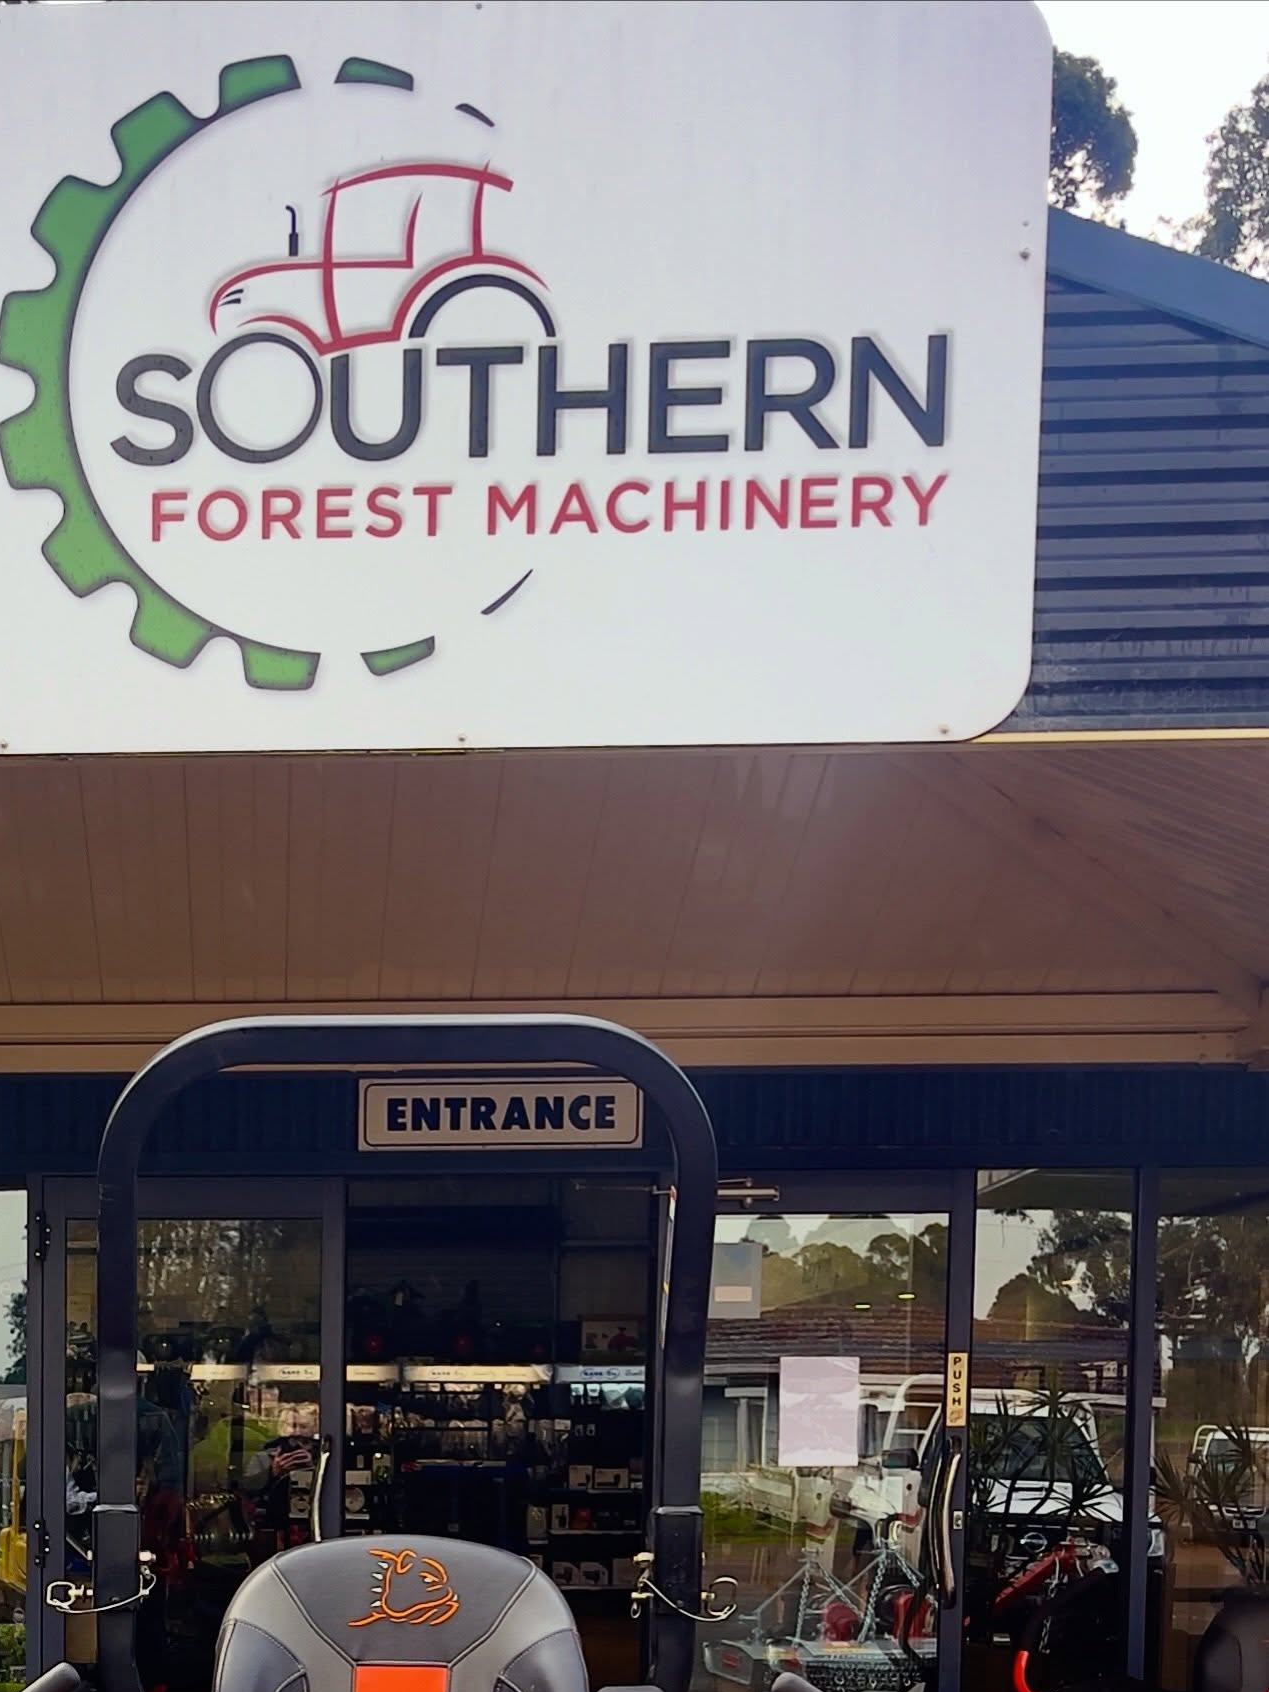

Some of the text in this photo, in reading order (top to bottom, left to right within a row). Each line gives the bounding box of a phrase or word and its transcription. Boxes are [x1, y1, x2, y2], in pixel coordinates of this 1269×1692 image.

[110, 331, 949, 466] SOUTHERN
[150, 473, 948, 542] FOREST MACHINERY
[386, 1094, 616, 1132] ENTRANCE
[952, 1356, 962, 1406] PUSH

EXERCISE:
With the pictures omitted, restate every entry above word for word.

ANSWER SECTION:
Some of the text in this photo, in reading order (top to bottom, left to right within a row). Each line gives the bounding box of a phrase or word and its transcription. Boxes are [x1, y1, x2, y2], in pixel coordinates of this 1269×1692 image.

[110, 331, 949, 466] SOUTHERN
[150, 473, 948, 542] FOREST MACHINERY
[386, 1094, 616, 1132] ENTRANCE
[952, 1356, 962, 1406] PUSH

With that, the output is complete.